Publié le 04 décembre 2007 par Philostrate
   Les Jeux olympiques de Pékin ne sont pas encore ouverts que leurs organisateurs commencent à chinoiser. La liberté de la presse n'étant qu'une vue de l'esprit dans l'Empire du Milieu, ce sont les journalistes étrangers qui sont cette fois dans la ligne de mire des autorités.  Objectif  poursuivi : éviter que des individus "pouvant constituer un risque pour la sécurité" ou donner une mauvaise image du pays ne se glissent parmi les reporters accrédités pour couvrir les compétitions.

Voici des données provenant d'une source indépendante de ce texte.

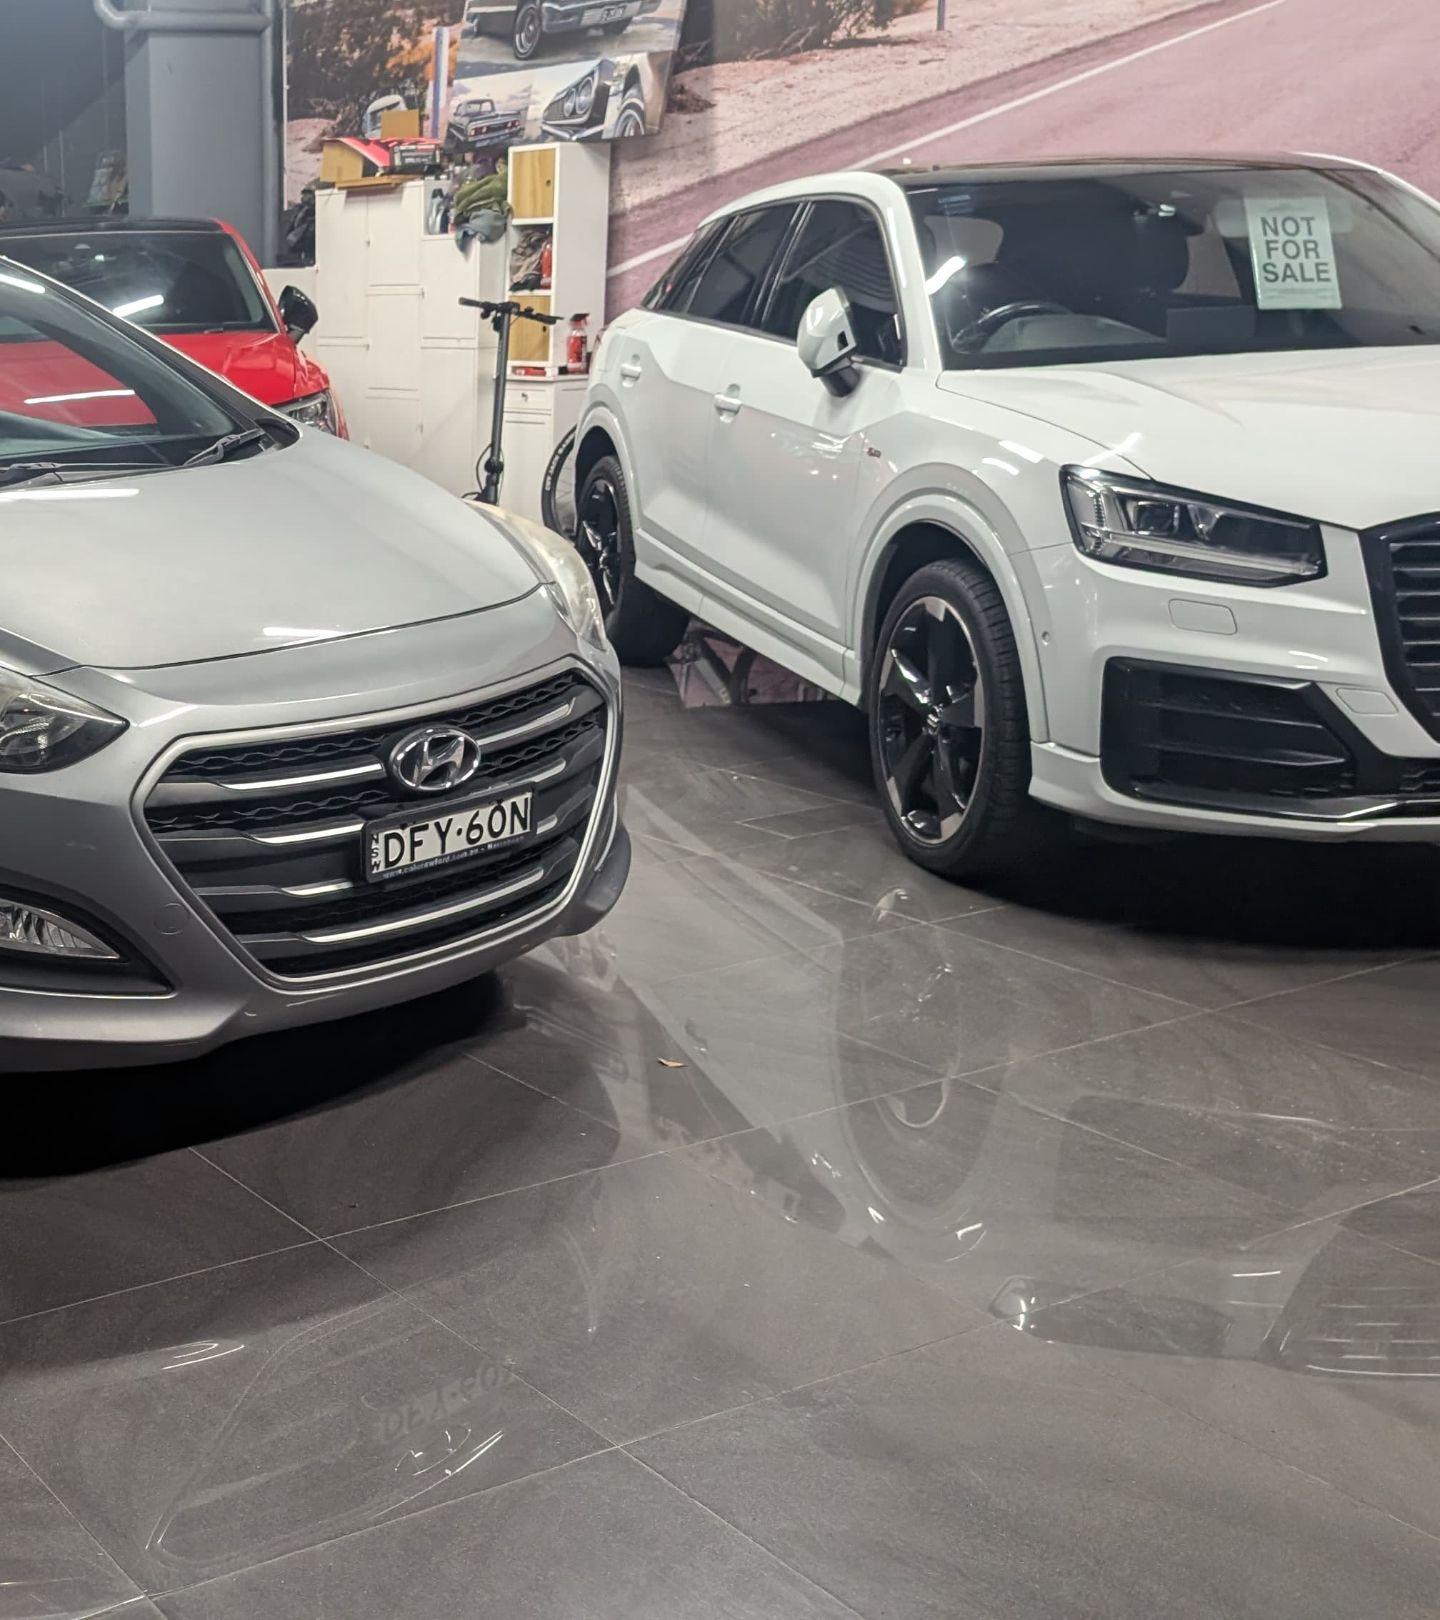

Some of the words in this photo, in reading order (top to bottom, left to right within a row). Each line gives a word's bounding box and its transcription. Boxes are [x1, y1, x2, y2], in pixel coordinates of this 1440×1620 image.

[1261, 216, 1316, 237] NOT
[1265, 239, 1321, 260] FOR
[1262, 262, 1331, 283] SALE
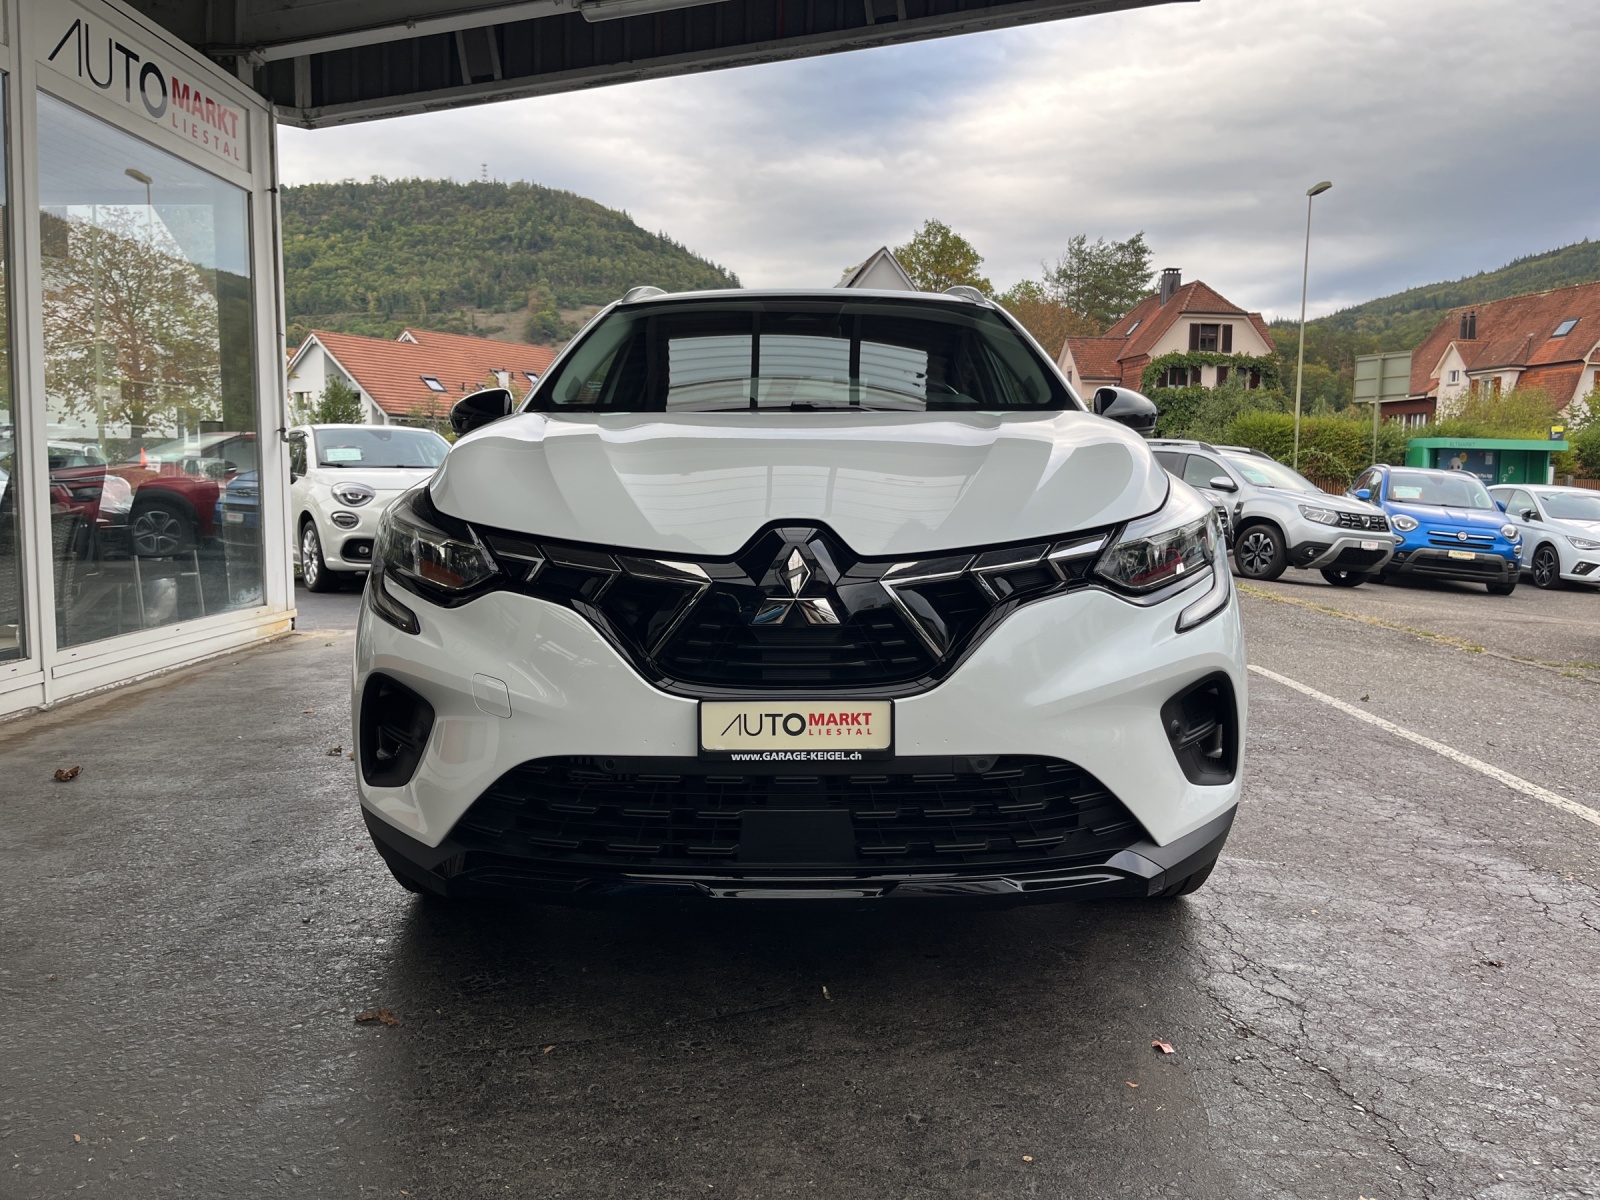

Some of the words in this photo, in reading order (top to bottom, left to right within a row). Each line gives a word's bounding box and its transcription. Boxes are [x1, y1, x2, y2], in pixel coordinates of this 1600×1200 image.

[171, 75, 239, 139] MARKT
[171, 111, 240, 161] LIESTAL
[808, 712, 873, 726] MARKT
[808, 728, 873, 736] LIESTAL
[731, 751, 863, 761] www.GARAGE-KEIGEL.ch
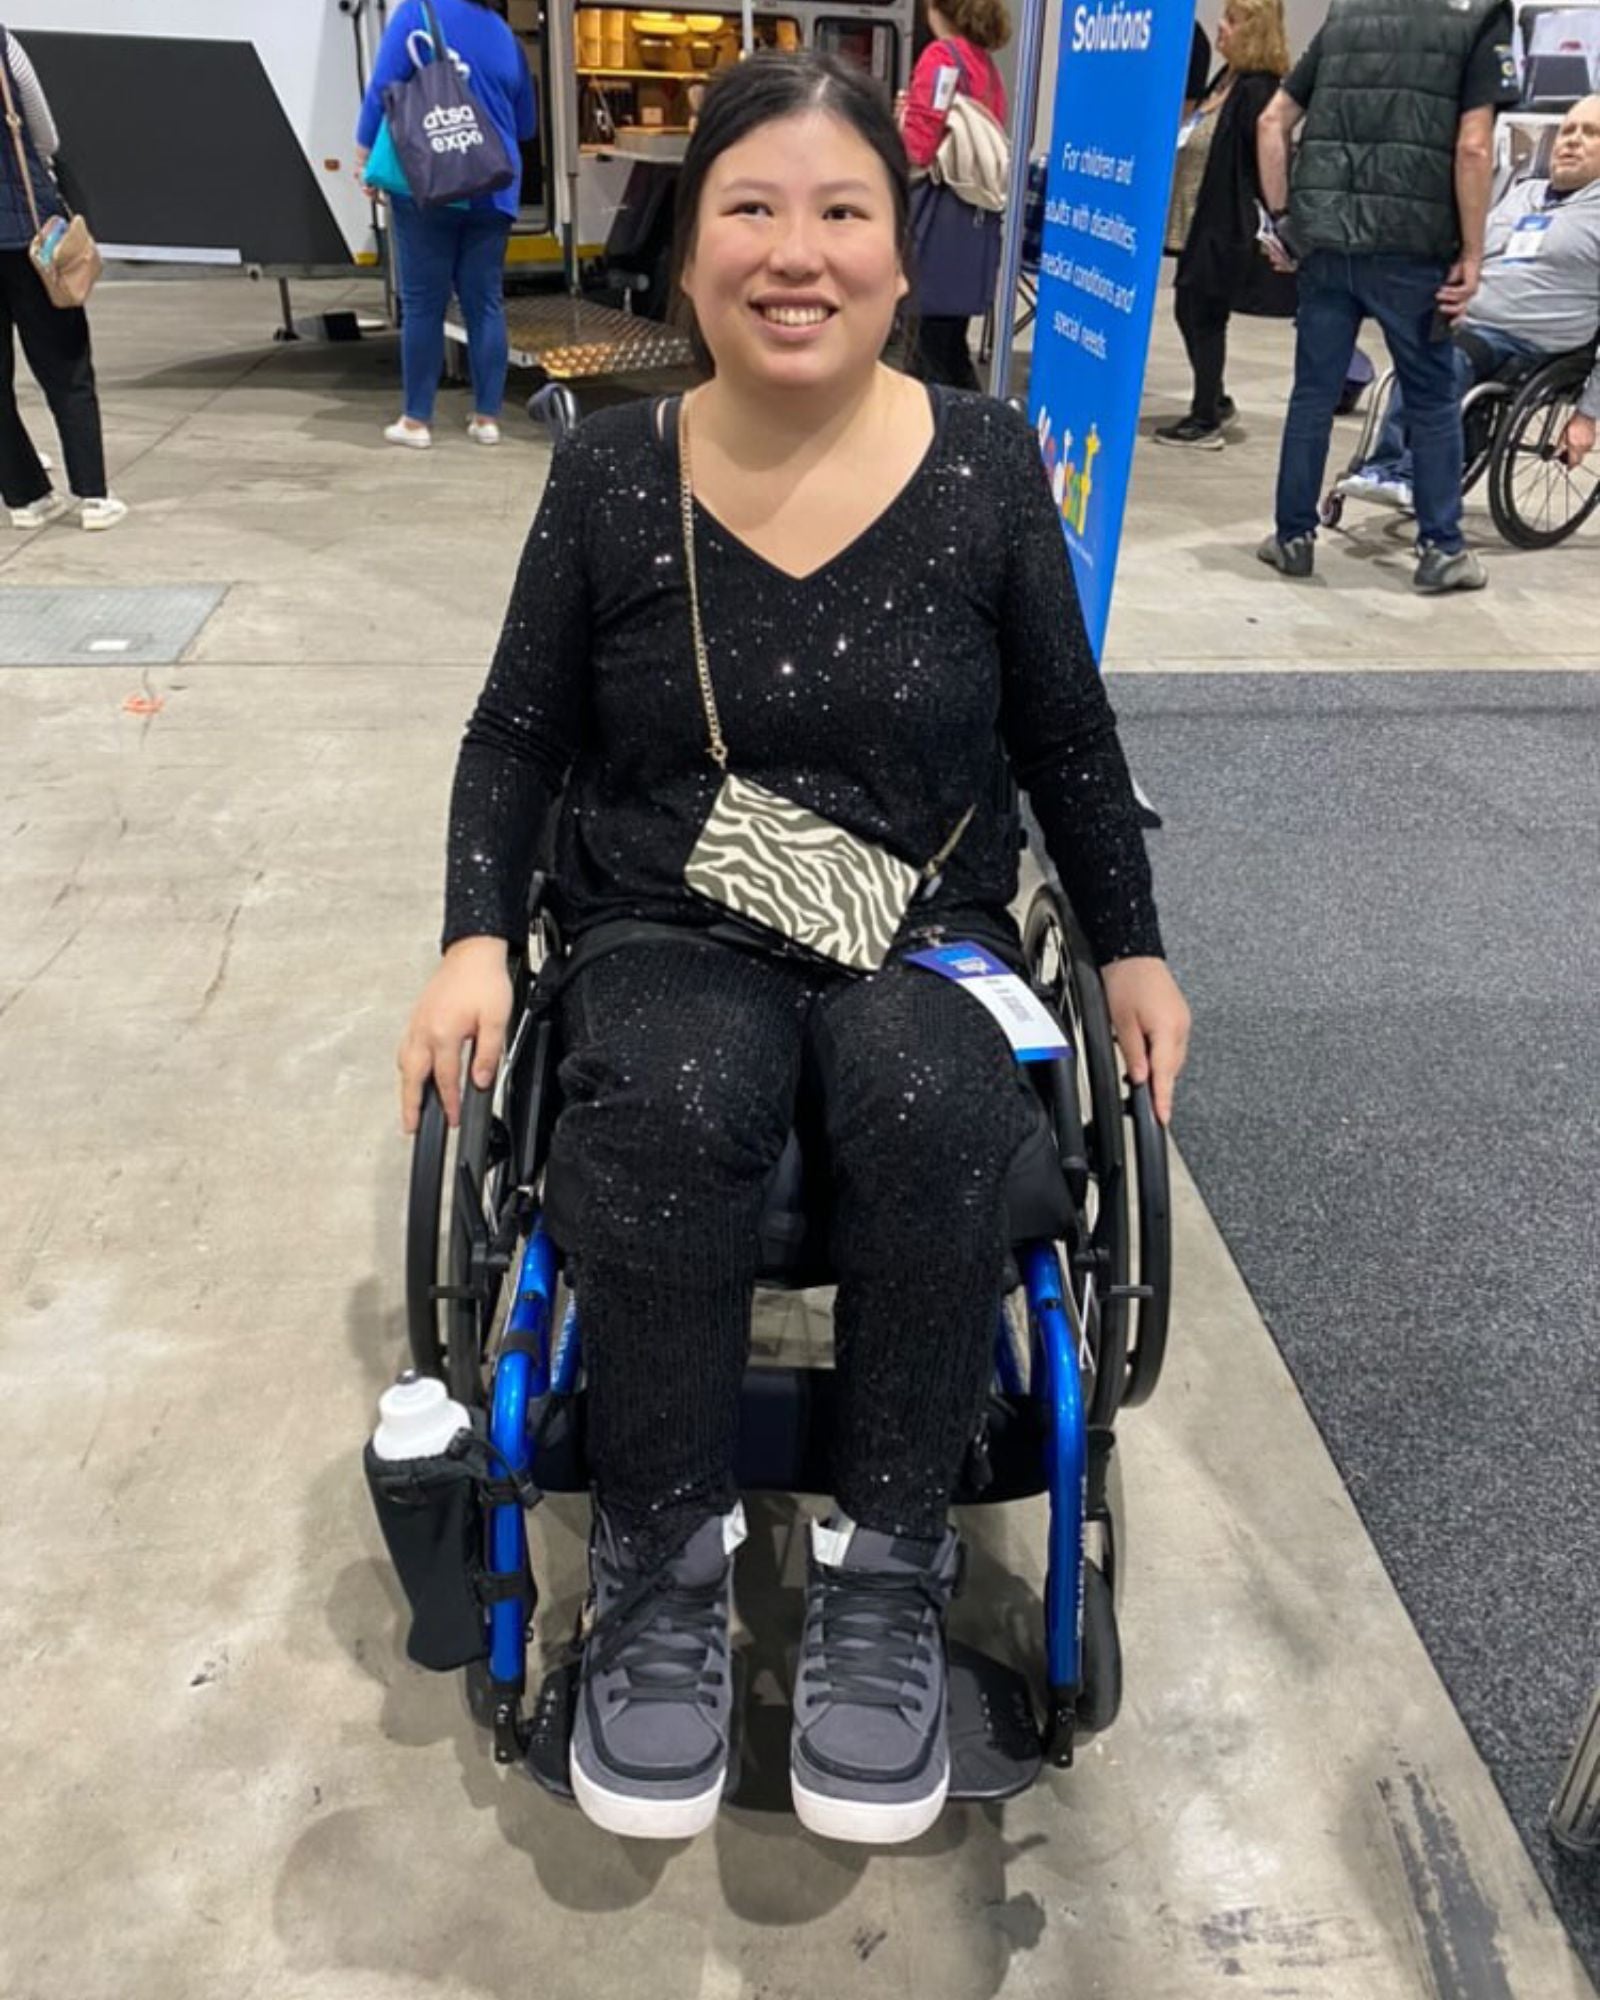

   Moyens mis en œuvre : constitution d'une base de données sur les journalistes étrangers et vérifications préalables, avec tests et enquêtes à la clé, sur les 10 000 dossiers d'accréditation attendus pour l'occasion. Que les passes-presse ne soient pas accordés à la légère tombe sous le sens en ces périodes de menace terroriste généralisée. Le problème en dictature, c'est que le métier même de plumitif suffit à rendre suspect celui qui l'exerce. Pour peu qu'il se mette en tête de critiquer ou d'exercer son libre arbitre, il peut même facilement revêtir le costume d'ennemi public N°1.

   Quelques conseils donc aux journalistes qui comptent se rendre à Pékin. Chers amis, je vous comprends. Vous êtes trop jeunes pour avoir couvert les belles retraites aux flambeaux des Jeux olympiques de Berlin en 1936, top des réjouissances sportives dictatoriales organisées jusqu'à présent. Vous ne pouvez décemment pas passer à côté d'un spectacle comme celui que promettent d'être ces Jeux à la chinoise, avec leurs cohortes d'enfants sur le pied de guerre comme aux plus belles heures des démocraties populaires du temps du Rideau de fer.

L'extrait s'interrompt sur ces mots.